Young-Earth Creationists should be told that there are 17 language families in the world. Each breaks down into hundreds of languages, dialects and sub-dialects. All the peoples mentioned in Genesis 10 belong to only one language family: the Afro-Asiatic. The Bible is their story because the promise of the Son was made to their ancestors in Eden (Gen. 3:15). Most of these people are of African origin and dark skin color so it is ignorant to say that skin color variation is the result of God's judgment.

Today it is virtually impossible to ignore the African origins of Abraham’s people since every field employed in the study of Genesis points us that direction. Long before the emergence of a people called Israel, ruler-priests controlled vast areas of the ancient world. They built kingdoms with cities, temples and water shrines.
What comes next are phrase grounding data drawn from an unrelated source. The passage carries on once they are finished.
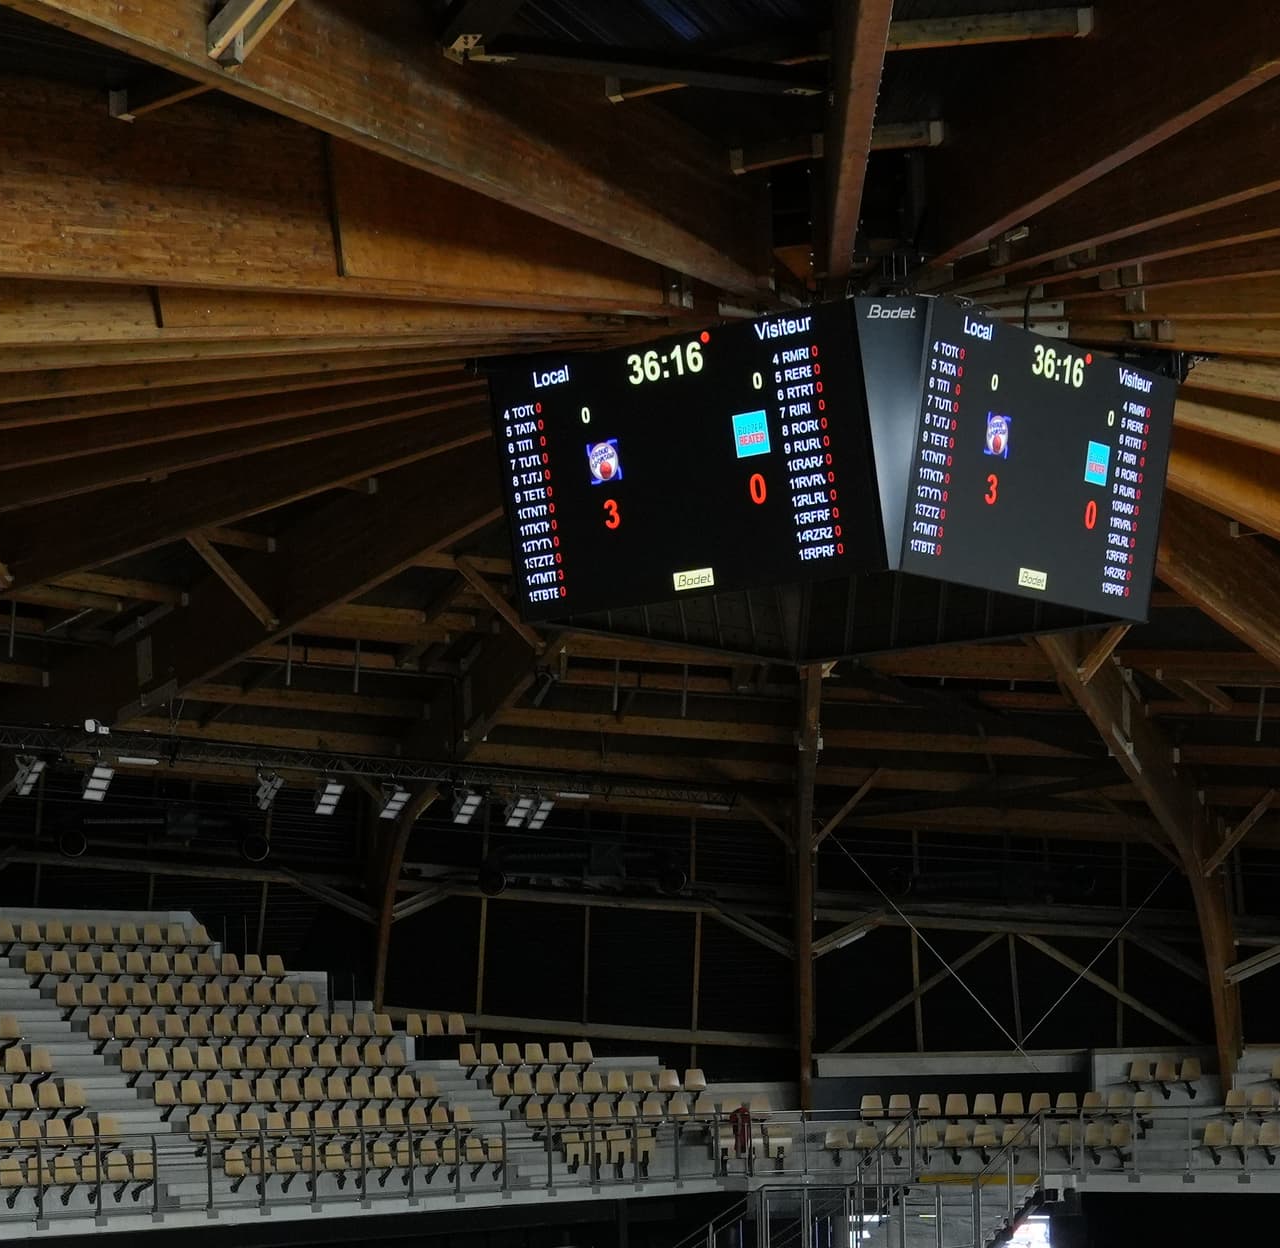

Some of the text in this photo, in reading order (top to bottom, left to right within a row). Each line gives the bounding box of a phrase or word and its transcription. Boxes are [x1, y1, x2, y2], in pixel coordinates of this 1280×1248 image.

[867, 304, 916, 319] Bodet
[754, 316, 811, 340] Visiteur
[964, 316, 993, 341] Local
[773, 354, 779, 365] 4
[812, 345, 818, 357] 0
[960, 348, 965, 359] 0
[627, 341, 704, 385] 36:16
[1032, 344, 1085, 388] 36:16
[533, 365, 569, 388] Local
[775, 372, 781, 383] 5
[814, 364, 820, 374] 0
[958, 367, 963, 376] 0
[753, 372, 763, 390] 0
[991, 374, 999, 391] 0
[1119, 367, 1152, 393] Visiteur
[777, 390, 784, 400] 6
[817, 382, 823, 392] 0
[955, 384, 960, 395] 0
[504, 410, 509, 420] 4
[536, 403, 541, 413] 0
[779, 407, 785, 418] 7
[819, 400, 825, 410] 0
[953, 402, 958, 413] 0
[1146, 408, 1151, 418] 0
[581, 407, 590, 424] 0
[1108, 410, 1114, 426] 0
[506, 427, 512, 437] 5
[538, 419, 544, 430] 0
[782, 425, 788, 436] 8
[821, 417, 827, 429] 0
[951, 420, 956, 430] 0
[1144, 424, 1149, 434] 0
[508, 443, 514, 453] 6
[540, 436, 546, 446] 0
[784, 443, 791, 454] 9
[823, 436, 829, 446] 0
[949, 438, 954, 448] 0
[1142, 441, 1147, 451] 0
[510, 459, 516, 470] 7
[542, 453, 548, 464] 0
[826, 454, 832, 464] 0
[947, 456, 952, 466] 0
[1140, 457, 1145, 467] 0
[513, 476, 519, 486] 8
[545, 469, 550, 480] 0
[828, 472, 834, 482] 0
[945, 473, 950, 484] 0
[1138, 473, 1143, 483] 0
[515, 493, 520, 503] 9
[547, 486, 552, 496] 0
[749, 473, 767, 505] 0
[830, 489, 836, 500] 0
[985, 474, 1000, 505] 3
[1136, 489, 1141, 499] 0
[943, 491, 948, 502] 0
[549, 503, 555, 513] 0
[833, 507, 839, 518] 0
[604, 499, 620, 529] 3
[941, 509, 946, 519] 0
[1084, 500, 1097, 529] 0
[551, 520, 557, 530] 0
[835, 525, 841, 536] 0
[938, 527, 943, 538] 3
[554, 536, 559, 547] 0
[837, 543, 843, 554] 0
[936, 544, 941, 555] 0
[556, 553, 561, 563] 0
[558, 570, 564, 580] 3
[678, 573, 711, 587] Bodet
[560, 587, 566, 597] 0
They practiced animal sacrifice at fire altars and offered prayers with incense. They regarded water as the element of purification and a symbol of life. They observed sacred laws and spread across the earth. Afro-Asiatic rulers apparently felt enjoined by divine authority “to multiply and spread” across the Earth.
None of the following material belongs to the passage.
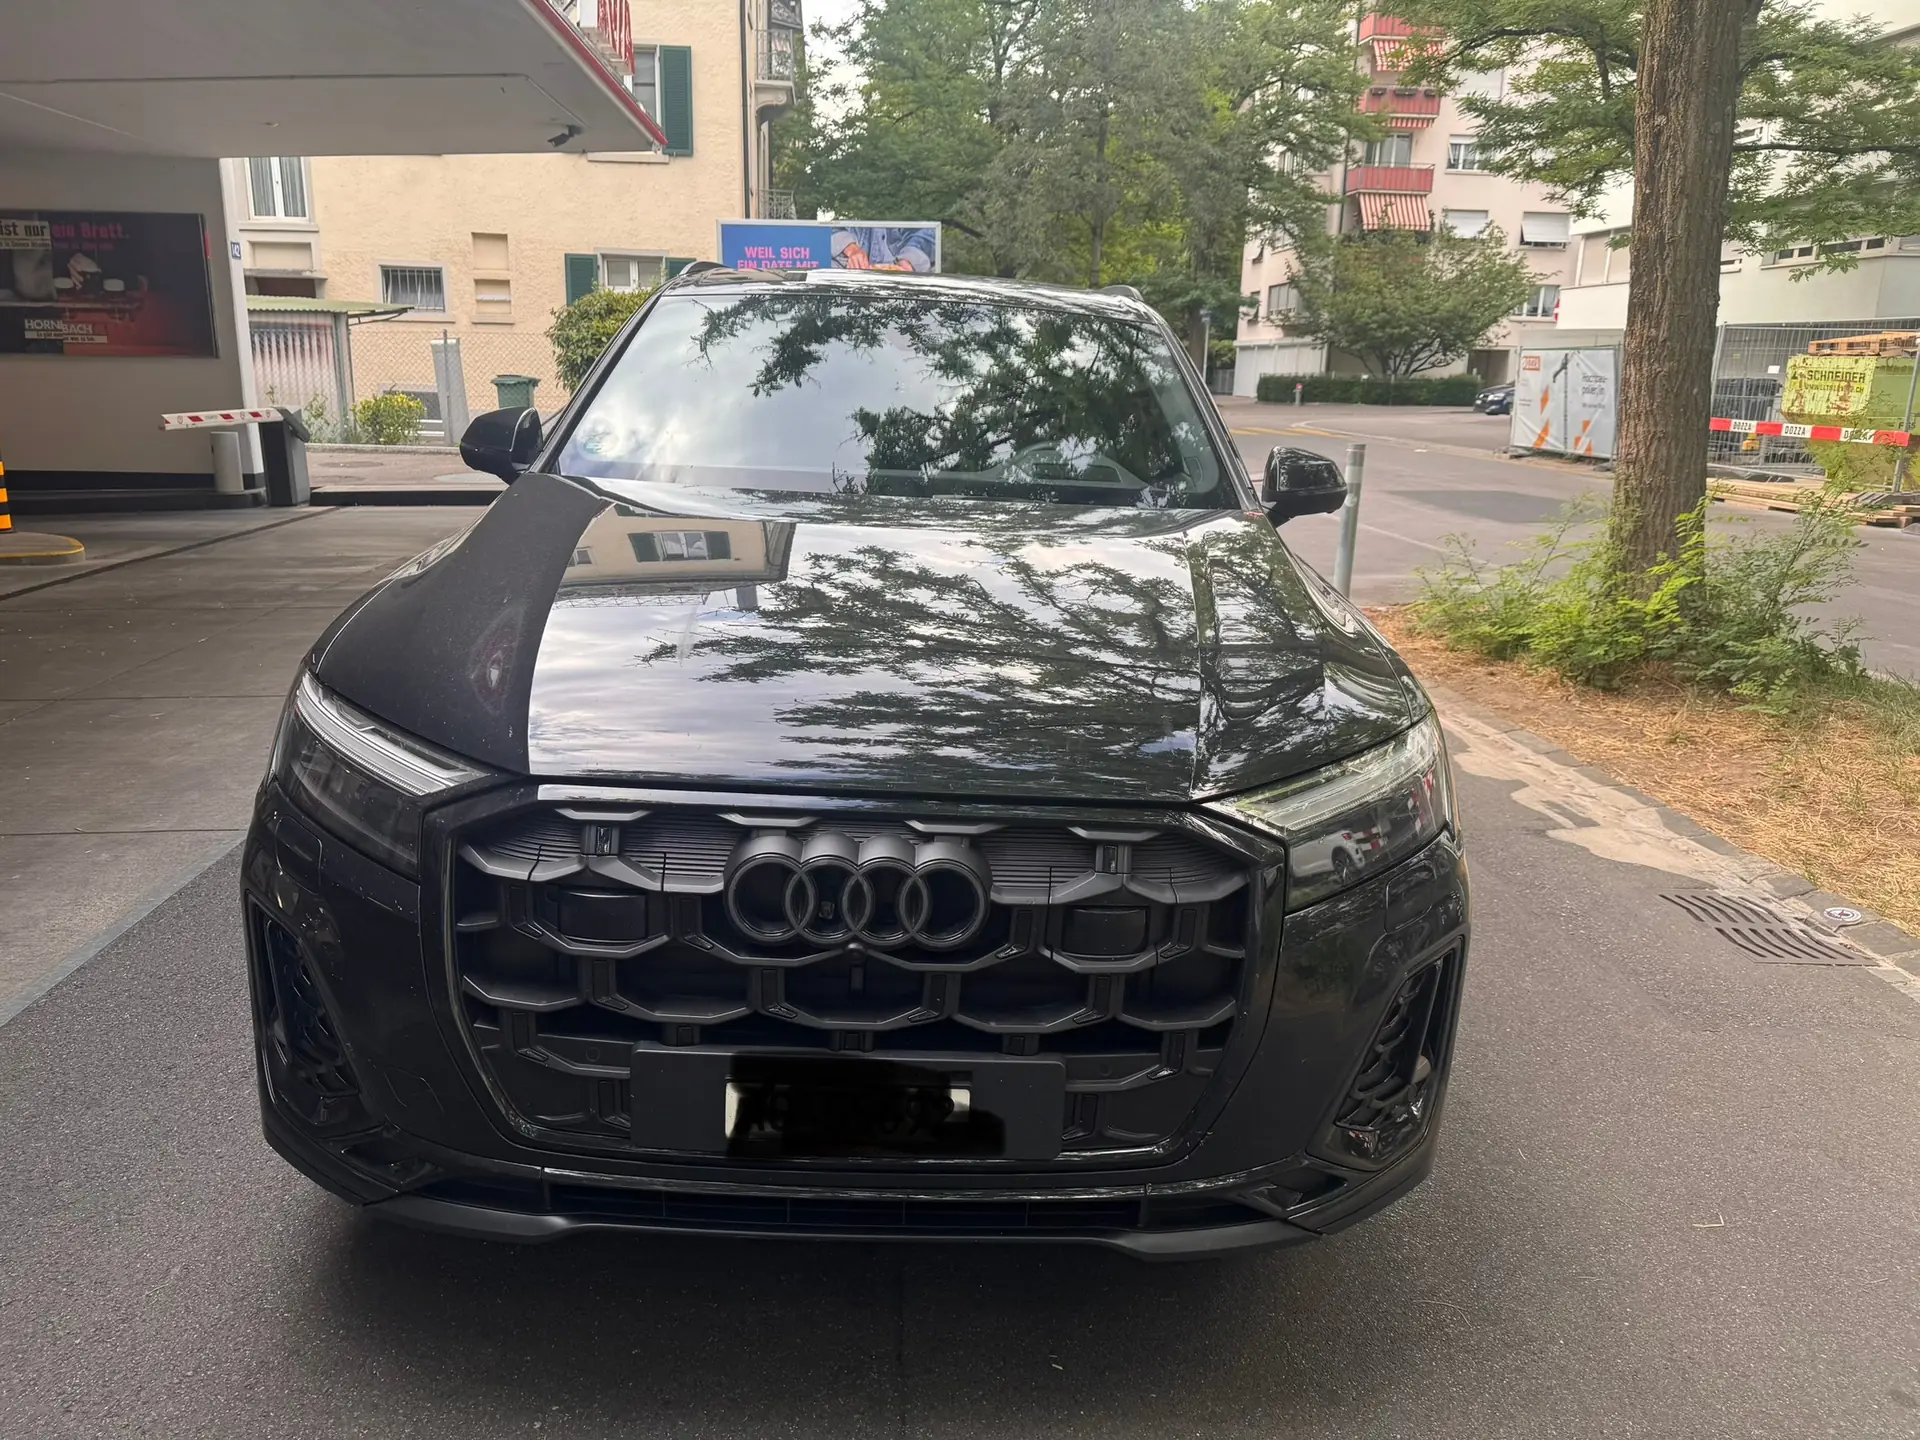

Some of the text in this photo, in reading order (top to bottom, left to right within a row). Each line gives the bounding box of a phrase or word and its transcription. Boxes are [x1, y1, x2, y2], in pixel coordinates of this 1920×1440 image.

[24, 224, 46, 237] nur
[745, 246, 810, 259] WEIL SICH
[737, 260, 819, 269] EIN DATE MIT
[1784, 425, 1806, 436] DOZZA
These ruler-priests married the daughters of other ruler-priests and thereby preserved their priestly bloodlines through endogamy. The endogamous marriage pattern of two priestly lines intermarrying can be traced from Genesis 4 to Jesus, son of Mary, daughter of the shepherd-priest Joachim.

Some argue that this is the purpose of the Bible. Whether one agrees or not, this view of the Bible raises interesting etiological questions. Why did the rulers of Genesis marry as they did? Why did they maintain two wives in separate households on a north-south axis? Why were the wives a half-sister and a patrilineal parallel cousin? What is the origin of this marriage pattern?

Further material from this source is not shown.